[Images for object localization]
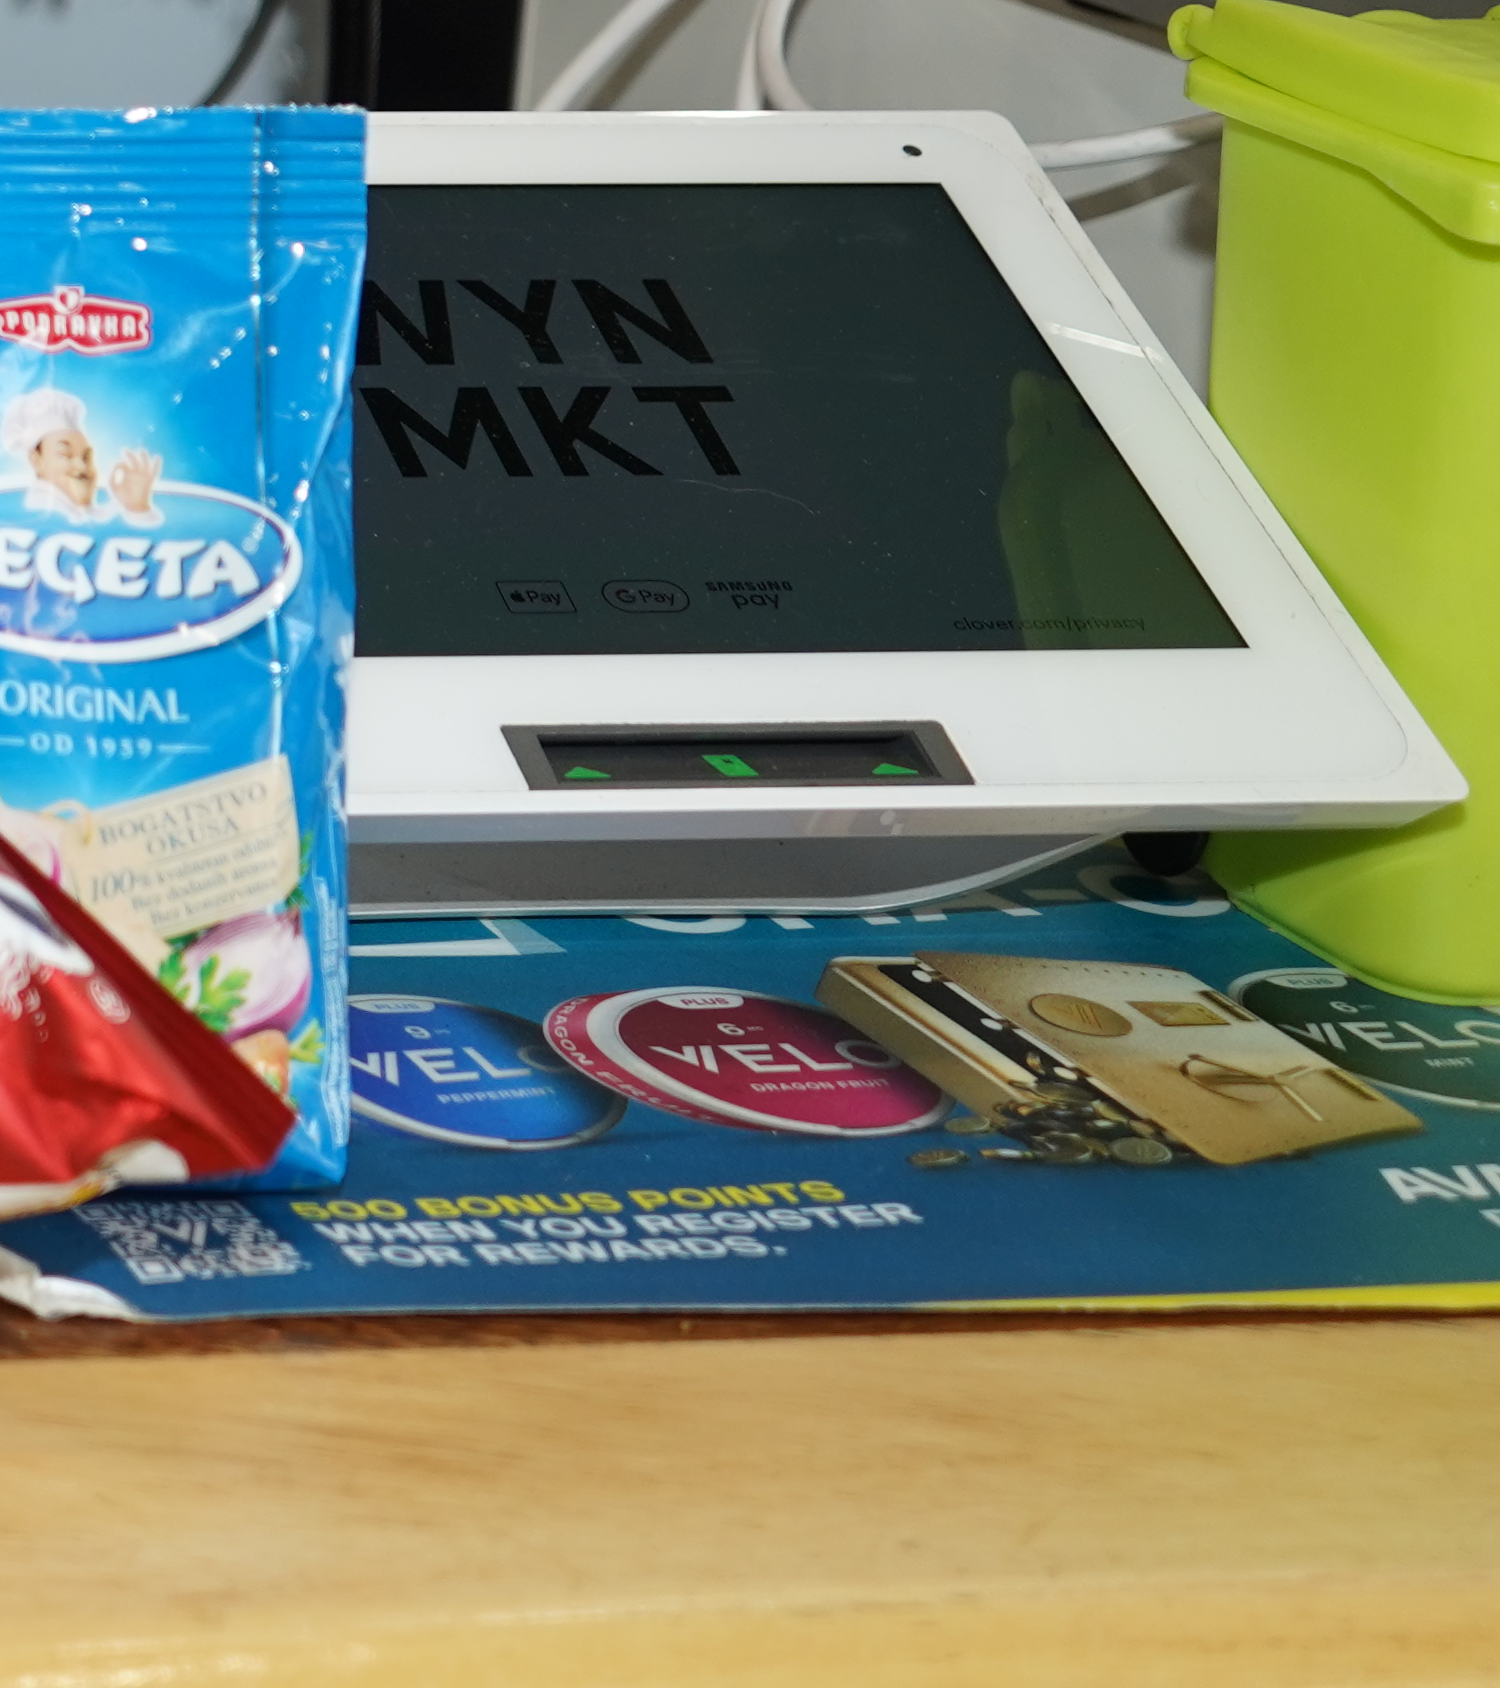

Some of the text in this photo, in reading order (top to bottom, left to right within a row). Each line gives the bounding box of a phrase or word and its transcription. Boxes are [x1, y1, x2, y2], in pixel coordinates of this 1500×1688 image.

[358, 385, 742, 478] MKT
[704, 580, 793, 592] SAMSUNG
[527, 588, 562, 608] Pay
[639, 588, 677, 609] Pay
[731, 591, 780, 611] pay
[952, 616, 1146, 633] clover.com/privacy
[29, 732, 74, 755] OD
[1285, 977, 1334, 986] PLUS
[679, 994, 731, 1008] PLUS
[716, 1022, 746, 1037] 6
[648, 1039, 904, 1075] VELO
[436, 1085, 556, 1105] PEPPERMINT
[750, 1077, 892, 1093] DRAGON FRUIT
[291, 1179, 845, 1221] 500 BONUS POINTS
[311, 1199, 924, 1246] WHEN YOU REGISTER
[337, 1231, 788, 1272] FOR REWARDS.
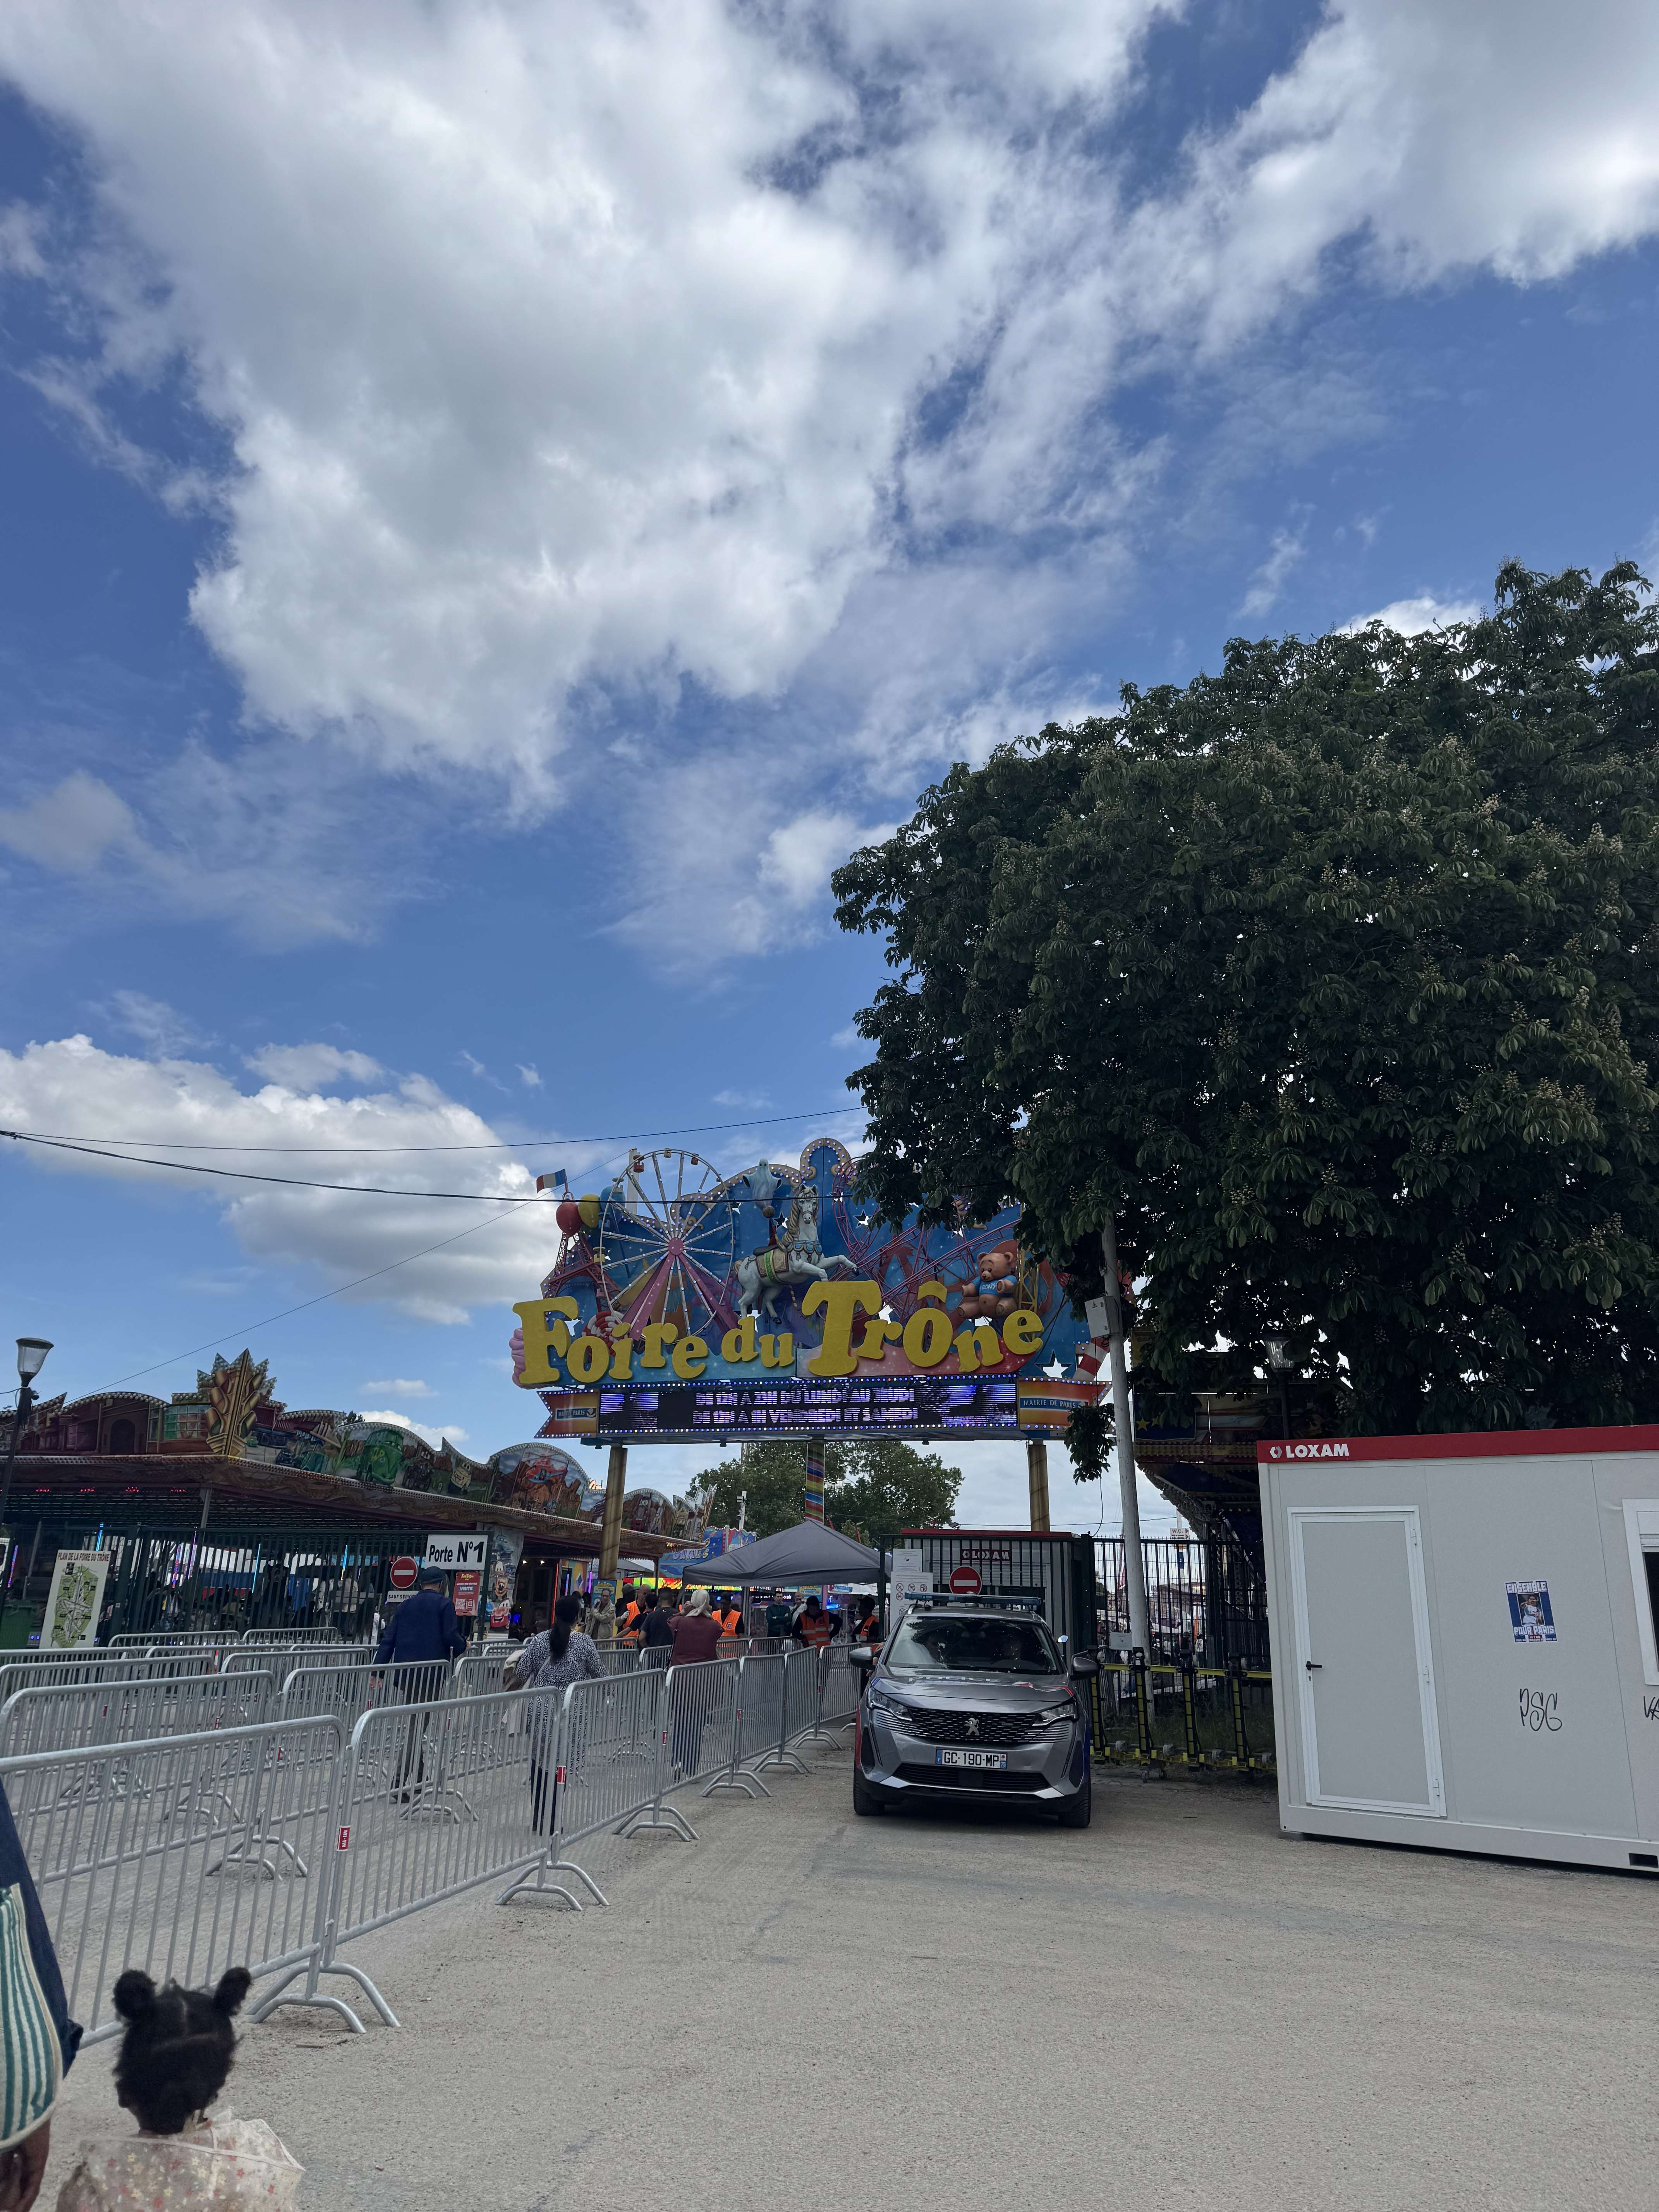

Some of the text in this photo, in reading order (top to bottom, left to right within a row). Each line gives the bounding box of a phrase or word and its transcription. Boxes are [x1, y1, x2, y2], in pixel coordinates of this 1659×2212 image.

[512, 1280, 1044, 1384] Foire du Trône
[696, 1393, 713, 1405] DE
[716, 1392, 737, 1405] 12H
[740, 1392, 752, 1405] A
[780, 1390, 801, 1404] DU
[804, 1389, 847, 1403] LUNDI
[850, 1388, 870, 1402] AU
[873, 1387, 914, 1402] JEUDI
[693, 1410, 710, 1424] DE
[713, 1410, 735, 1423] 12H
[737, 1410, 749, 1423] A
[769, 1408, 841, 1423] VENDREDI
[844, 1408, 860, 1422] ET
[862, 1407, 919, 1421] SAMEDI
[1286, 1444, 1350, 1458] LOXAM
[428, 1541, 484, 1563] Porte N°1
[972, 1551, 1009, 1560] LOXAM
[1506, 1581, 1548, 1594] ENSEMBLE
[1514, 1625, 1555, 1636] POUR PARIS
[1520, 1688, 1562, 1731] PSG
[944, 1752, 999, 1767] GC-190-MP

### WORK ORDER
From the first line to the last, write out the data above exactly. Omit the pictures.

### SOLUTION
Some of the text in this photo, in reading order (top to bottom, left to right within a row). Each line gives the bounding box of a phrase or word and its transcription. Boxes are [x1, y1, x2, y2], in pixel coordinates of this 1500×1688 image.

[358, 385, 742, 478] MKT
[704, 580, 793, 592] SAMSUNG
[527, 588, 562, 608] Pay
[639, 588, 677, 609] Pay
[731, 591, 780, 611] pay
[952, 616, 1146, 633] clover.com/privacy
[29, 732, 74, 755] OD
[1285, 977, 1334, 986] PLUS
[679, 994, 731, 1008] PLUS
[716, 1022, 746, 1037] 6
[648, 1039, 904, 1075] VELO
[436, 1085, 556, 1105] PEPPERMINT
[750, 1077, 892, 1093] DRAGON FRUIT
[291, 1179, 845, 1221] 500 BONUS POINTS
[311, 1199, 924, 1246] WHEN YOU REGISTER
[337, 1231, 788, 1272] FOR REWARDS.

Some of the text in this photo, in reading order (top to bottom, left to right within a row). Each line gives the bounding box of a phrase or word and its transcription. Boxes are [x1, y1, x2, y2], in pixel coordinates of this 1659×2212 image.

[512, 1280, 1044, 1384] Foire du Trône
[696, 1393, 713, 1405] DE
[716, 1392, 737, 1405] 12H
[740, 1392, 752, 1405] A
[780, 1390, 801, 1404] DU
[804, 1389, 847, 1403] LUNDI
[850, 1388, 870, 1402] AU
[873, 1387, 914, 1402] JEUDI
[693, 1410, 710, 1424] DE
[713, 1410, 735, 1423] 12H
[737, 1410, 749, 1423] A
[769, 1408, 841, 1423] VENDREDI
[844, 1408, 860, 1422] ET
[862, 1407, 919, 1421] SAMEDI
[1286, 1444, 1350, 1458] LOXAM
[428, 1541, 484, 1563] Porte N°1
[972, 1551, 1009, 1560] LOXAM
[1506, 1581, 1548, 1594] ENSEMBLE
[1514, 1625, 1555, 1636] POUR PARIS
[1520, 1688, 1562, 1731] PSG
[944, 1752, 999, 1767] GC-190-MP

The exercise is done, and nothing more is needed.